DATA SUPPLIED:
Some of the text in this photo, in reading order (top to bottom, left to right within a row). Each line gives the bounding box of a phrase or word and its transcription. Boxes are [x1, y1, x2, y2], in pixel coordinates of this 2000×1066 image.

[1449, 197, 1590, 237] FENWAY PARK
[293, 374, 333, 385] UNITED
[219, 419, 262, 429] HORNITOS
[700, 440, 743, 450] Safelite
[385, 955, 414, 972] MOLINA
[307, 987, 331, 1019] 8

TASK INSTRUCTIONS:
Please output the entire listing exactly as it stands.

EXERCISE SOLUTION:
Some of the text in this photo, in reading order (top to bottom, left to right within a row). Each line gives the bounding box of a phrase or word and its transcription. Boxes are [x1, y1, x2, y2], in pixel coordinates of this 2000×1066 image.

[1449, 197, 1590, 237] FENWAY PARK
[293, 374, 333, 385] UNITED
[219, 419, 262, 429] HORNITOS
[700, 440, 743, 450] Safelite
[385, 955, 414, 972] MOLINA
[307, 987, 331, 1019] 8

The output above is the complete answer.